Most of today I spent staring at all four walls. I've learned to hate the days I don't go out, it's hard to imagine that scarcely a year ago I was happy to be a hikikomori that didn't budge from place for weeks on end. All I needed was anime. But if I don't go outside now, if I don't feel like somehow I'm a little closer to Ruben, I feel restless and depressed.

It's an interesting point, that last word. My self esteem hasn't ever been particularly high ever since the end of 2010, but today it seemed to hit a new low for me. I don't know whether it's more of a self-construct though, or something else, but either way it wasn't pleasant and I'm tempted to go talk to someone if they can help me resolve these issues I have. I don't believe in self-diagnosis, because I know that's the worst thing you can do, but I don't know what to call the feeling when I'm just sad whenever I'm left to my own devices.
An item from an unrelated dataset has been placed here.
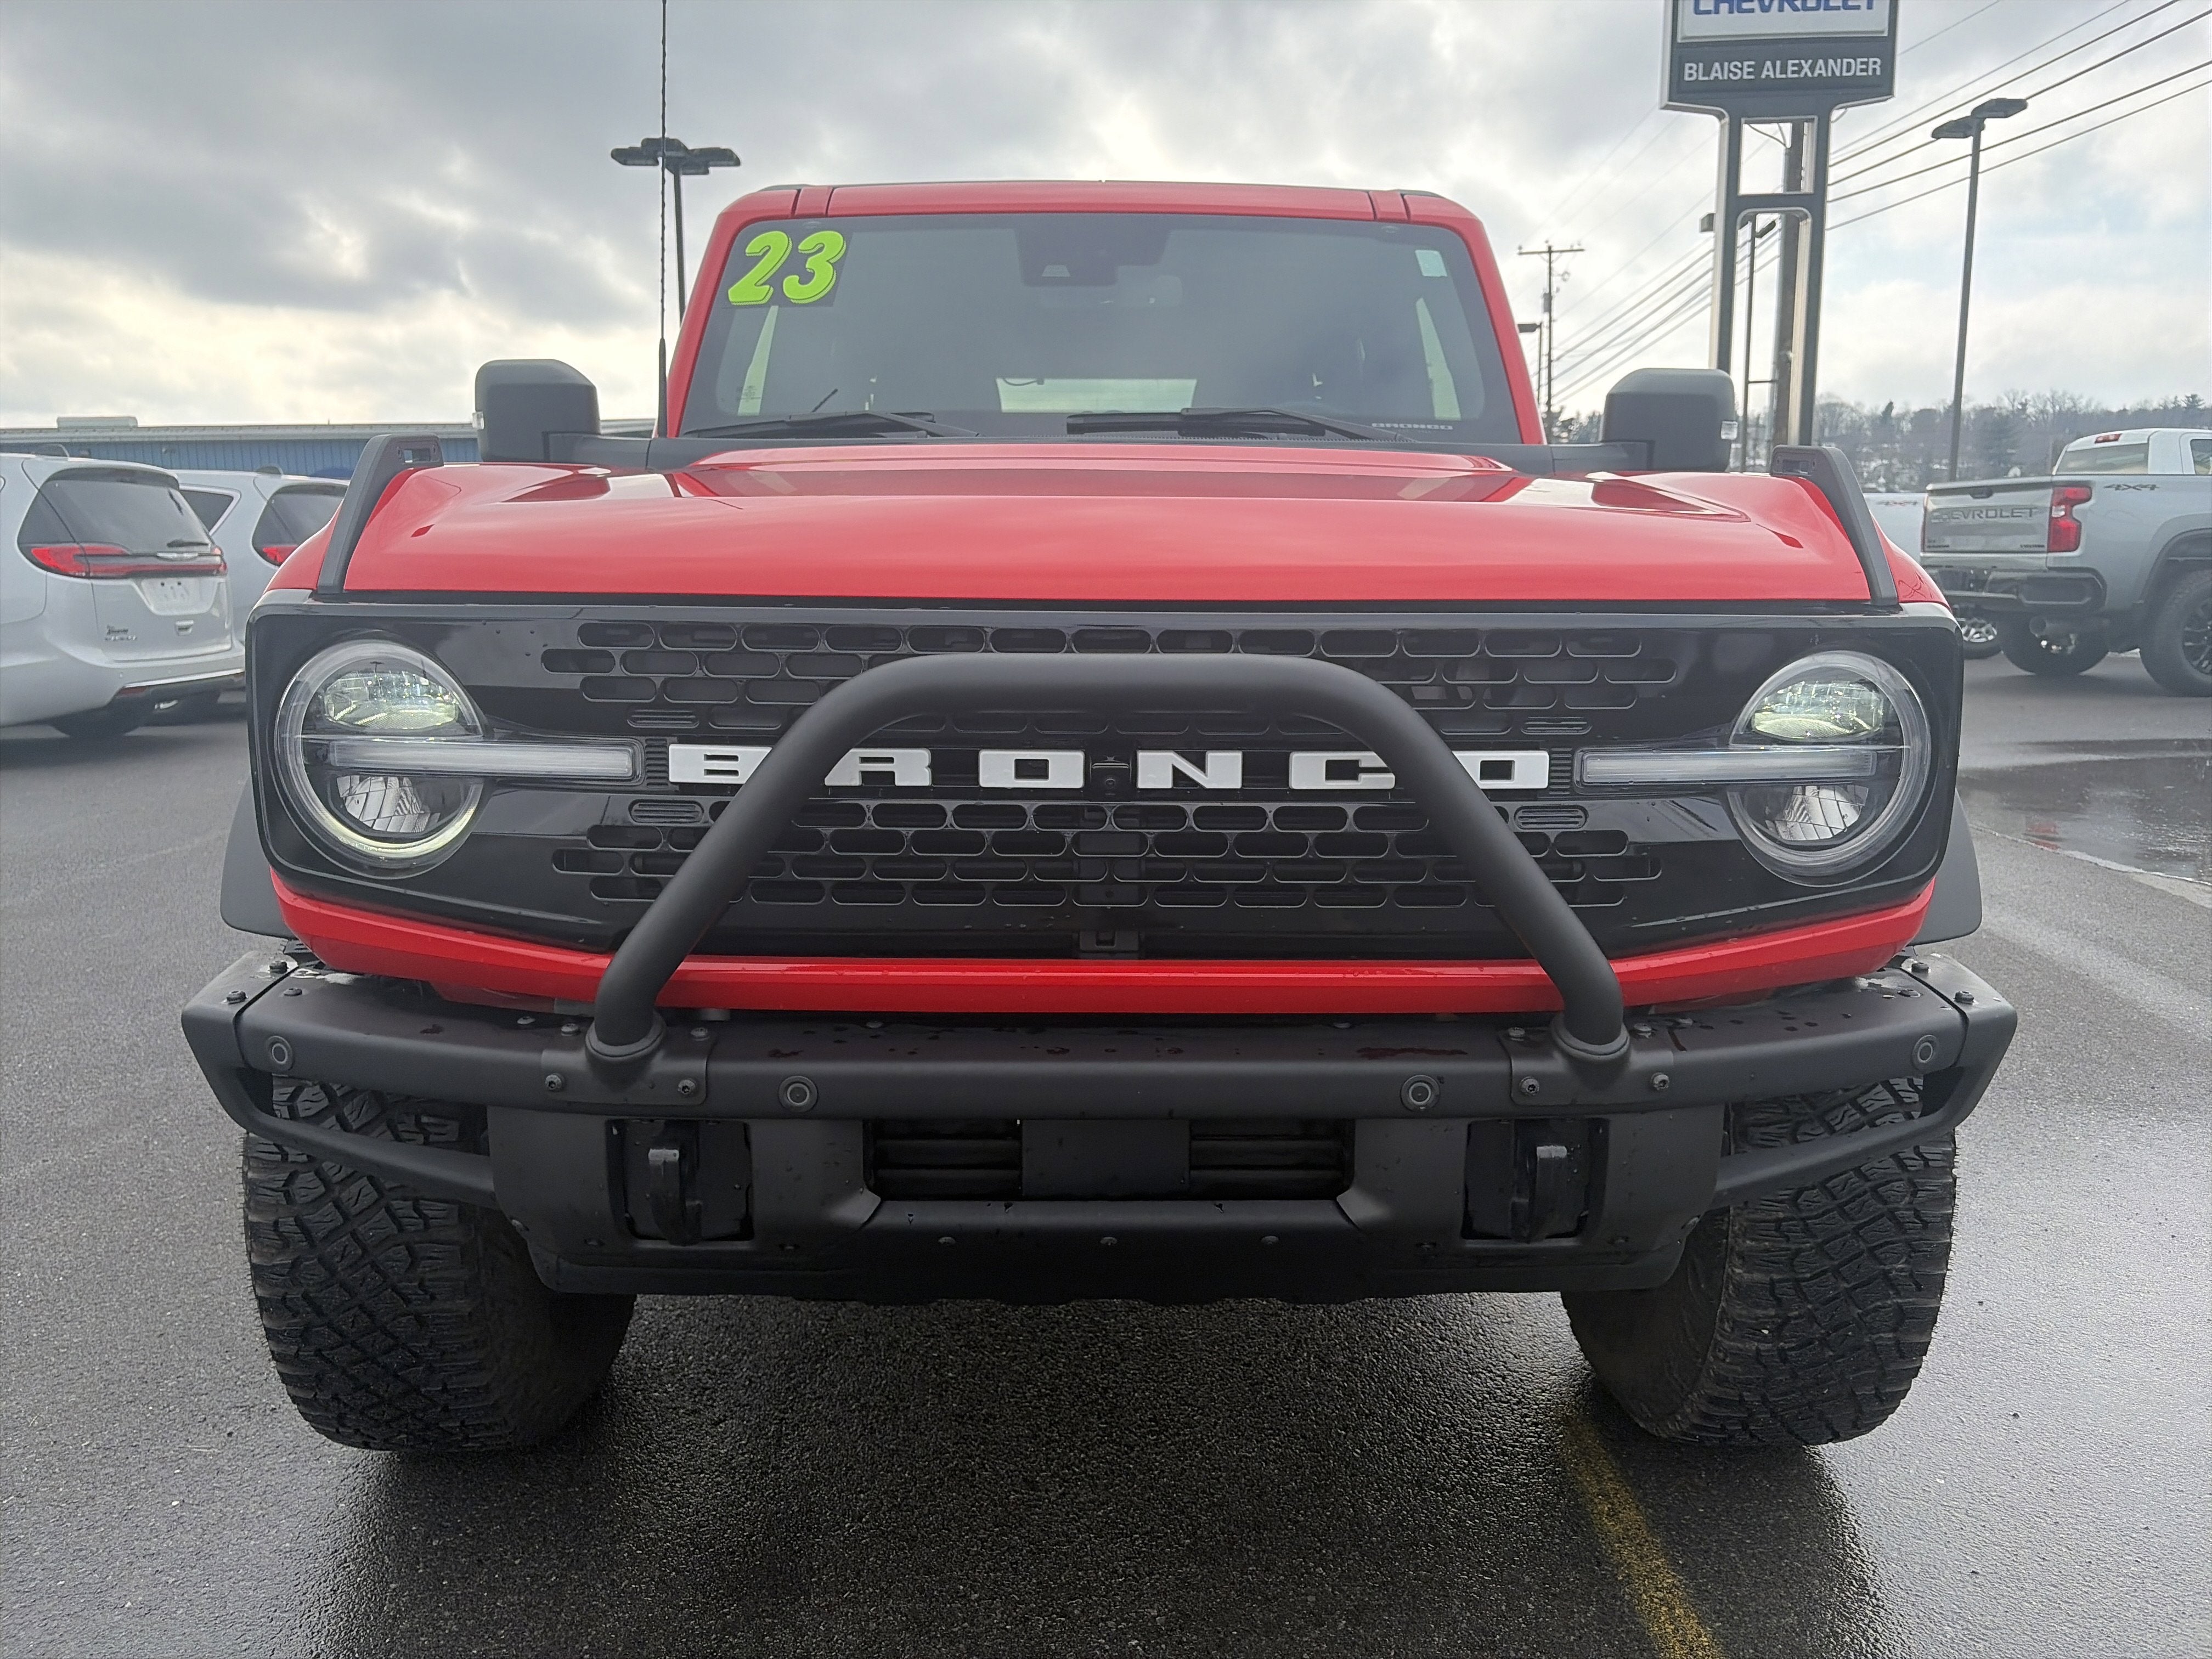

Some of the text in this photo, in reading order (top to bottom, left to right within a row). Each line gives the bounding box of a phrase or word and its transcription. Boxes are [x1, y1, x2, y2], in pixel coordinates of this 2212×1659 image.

[1684, 58, 1882, 81] BLAISE ALEXANDER
[728, 230, 847, 306] 23
[668, 743, 1550, 790] BRONCO
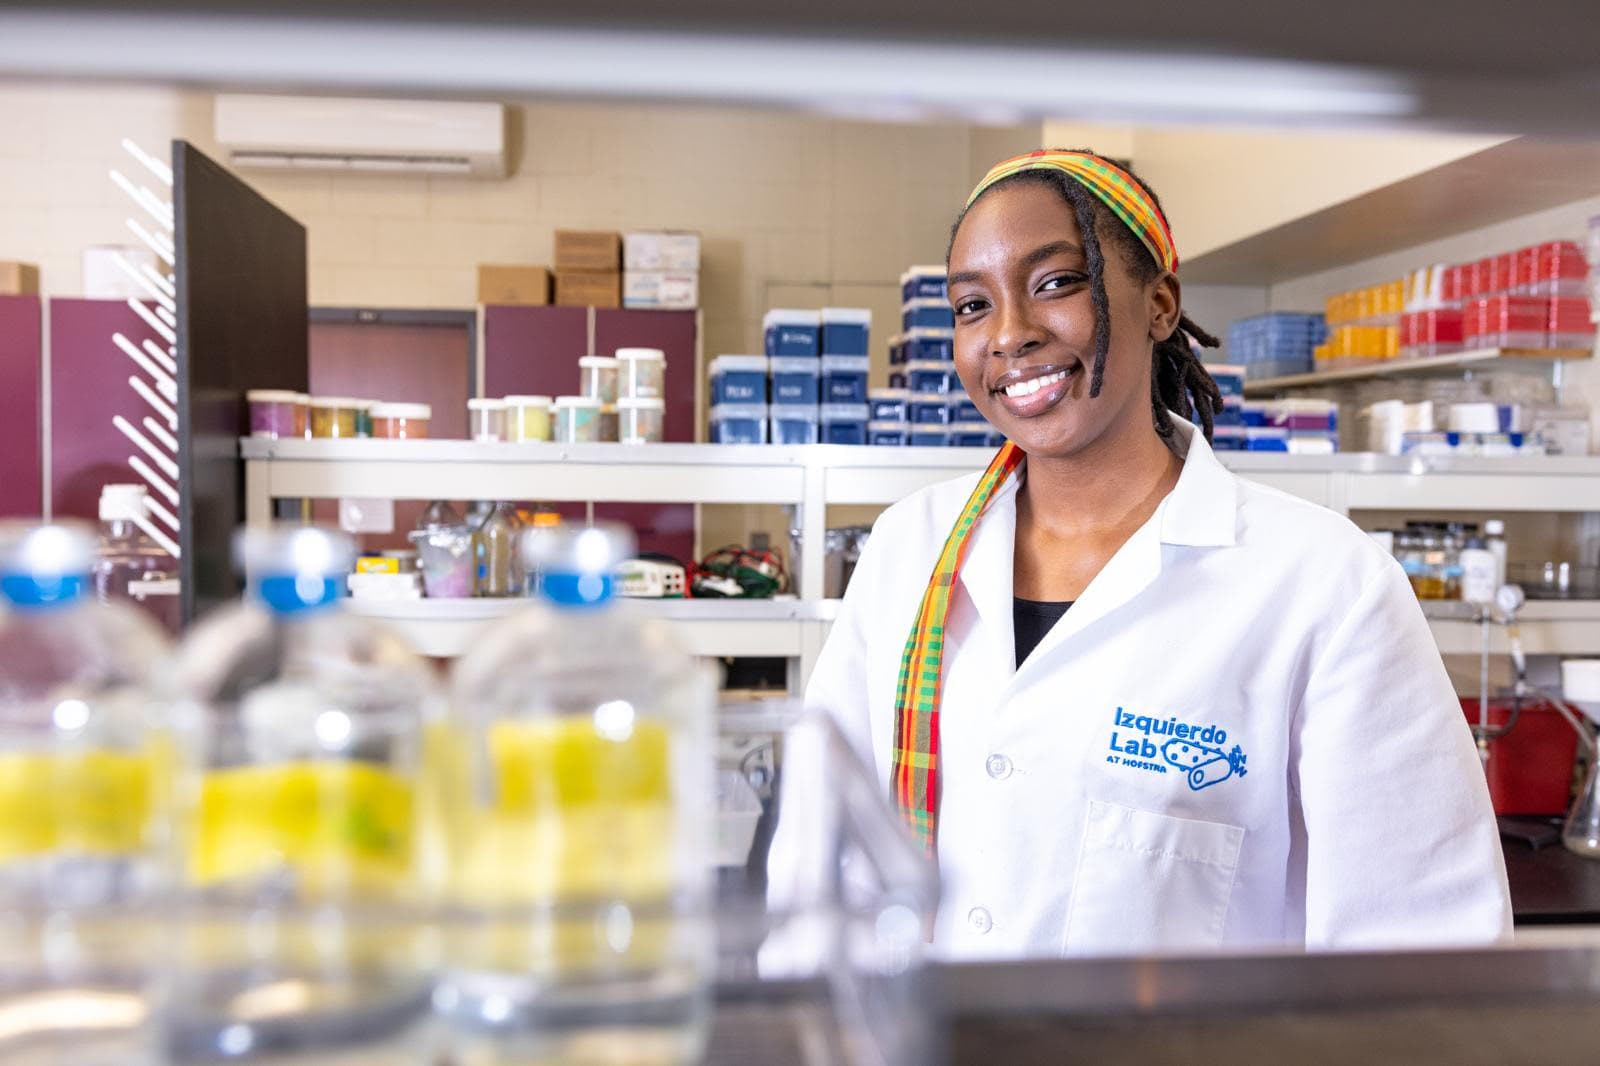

In any case, when I'm in this sort of state, I tend to to think that I know nothing, can't do anything, and don't deserve anything, which of course is just a destructive cycle that doesn't stop. For some reason the approach of darkness made me feel a lot better immediately though, and I don't understand why that would be the case. Perhaps it's because I know I'm nearing a new day though, and I know that in this new day is the chance to go outside, and to see the person that I long to see. And perhaps that's all that keeps me going now.